Start of Data under study

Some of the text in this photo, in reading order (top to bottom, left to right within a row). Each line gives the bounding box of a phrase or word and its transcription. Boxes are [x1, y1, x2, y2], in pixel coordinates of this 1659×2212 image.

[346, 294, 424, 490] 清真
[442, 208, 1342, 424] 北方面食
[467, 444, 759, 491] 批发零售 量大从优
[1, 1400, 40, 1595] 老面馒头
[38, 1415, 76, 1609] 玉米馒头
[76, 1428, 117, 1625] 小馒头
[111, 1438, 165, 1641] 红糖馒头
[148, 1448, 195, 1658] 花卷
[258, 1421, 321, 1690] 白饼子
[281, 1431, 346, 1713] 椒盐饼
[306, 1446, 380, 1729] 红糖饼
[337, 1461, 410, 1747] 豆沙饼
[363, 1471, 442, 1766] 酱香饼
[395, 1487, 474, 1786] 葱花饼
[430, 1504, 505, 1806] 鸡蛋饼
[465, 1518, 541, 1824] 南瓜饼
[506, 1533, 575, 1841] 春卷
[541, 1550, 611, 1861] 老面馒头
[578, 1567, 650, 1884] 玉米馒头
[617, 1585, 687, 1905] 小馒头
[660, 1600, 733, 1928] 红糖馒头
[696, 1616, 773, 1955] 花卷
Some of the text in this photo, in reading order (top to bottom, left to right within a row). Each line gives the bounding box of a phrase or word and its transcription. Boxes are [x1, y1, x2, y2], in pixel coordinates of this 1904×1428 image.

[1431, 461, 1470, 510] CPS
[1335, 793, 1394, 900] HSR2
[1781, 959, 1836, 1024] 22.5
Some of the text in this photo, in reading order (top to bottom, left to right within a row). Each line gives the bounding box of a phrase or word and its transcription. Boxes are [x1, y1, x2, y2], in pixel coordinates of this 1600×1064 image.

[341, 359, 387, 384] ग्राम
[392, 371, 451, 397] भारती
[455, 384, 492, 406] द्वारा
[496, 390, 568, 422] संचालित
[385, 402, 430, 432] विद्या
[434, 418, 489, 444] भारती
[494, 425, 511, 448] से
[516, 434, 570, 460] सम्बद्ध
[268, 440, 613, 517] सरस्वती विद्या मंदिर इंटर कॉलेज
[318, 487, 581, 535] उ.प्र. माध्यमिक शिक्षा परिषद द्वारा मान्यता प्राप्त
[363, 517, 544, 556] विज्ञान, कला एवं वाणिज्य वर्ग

End of Data under study

Output the records verbatim, from the first line to the last.

Some of the text in this photo, in reading order (top to bottom, left to right within a row). Each line gives the bounding box of a phrase or word and its transcription. Boxes are [x1, y1, x2, y2], in pixel coordinates of this 1659×2212 image.

[346, 294, 424, 490] 清真
[442, 208, 1342, 424] 北方面食
[467, 444, 759, 491] 批发零售 量大从优
[1, 1400, 40, 1595] 老面馒头
[38, 1415, 76, 1609] 玉米馒头
[76, 1428, 117, 1625] 小馒头
[111, 1438, 165, 1641] 红糖馒头
[148, 1448, 195, 1658] 花卷
[258, 1421, 321, 1690] 白饼子
[281, 1431, 346, 1713] 椒盐饼
[306, 1446, 380, 1729] 红糖饼
[337, 1461, 410, 1747] 豆沙饼
[363, 1471, 442, 1766] 酱香饼
[395, 1487, 474, 1786] 葱花饼
[430, 1504, 505, 1806] 鸡蛋饼
[465, 1518, 541, 1824] 南瓜饼
[506, 1533, 575, 1841] 春卷
[541, 1550, 611, 1861] 老面馒头
[578, 1567, 650, 1884] 玉米馒头
[617, 1585, 687, 1905] 小馒头
[660, 1600, 733, 1928] 红糖馒头
[696, 1616, 773, 1955] 花卷
Some of the text in this photo, in reading order (top to bottom, left to right within a row). Each line gives the bounding box of a phrase or word and its transcription. Boxes are [x1, y1, x2, y2], in pixel coordinates of this 1904×1428 image.

[1431, 461, 1470, 510] CPS
[1335, 793, 1394, 900] HSR2
[1781, 959, 1836, 1024] 22.5
Some of the text in this photo, in reading order (top to bottom, left to right within a row). Each line gives the bounding box of a phrase or word and its transcription. Boxes are [x1, y1, x2, y2], in pixel coordinates of this 1600×1064 image.

[341, 359, 387, 384] ग्राम
[392, 371, 451, 397] भारती
[455, 384, 492, 406] द्वारा
[496, 390, 568, 422] संचालित
[385, 402, 430, 432] विद्या
[434, 418, 489, 444] भारती
[494, 425, 511, 448] से
[516, 434, 570, 460] सम्बद्ध
[268, 440, 613, 517] सरस्वती विद्या मंदिर इंटर कॉलेज
[318, 487, 581, 535] उ.प्र. माध्यमिक शिक्षा परिषद द्वारा मान्यता प्राप्त
[363, 517, 544, 556] विज्ञान, कला एवं वाणिज्य वर्ग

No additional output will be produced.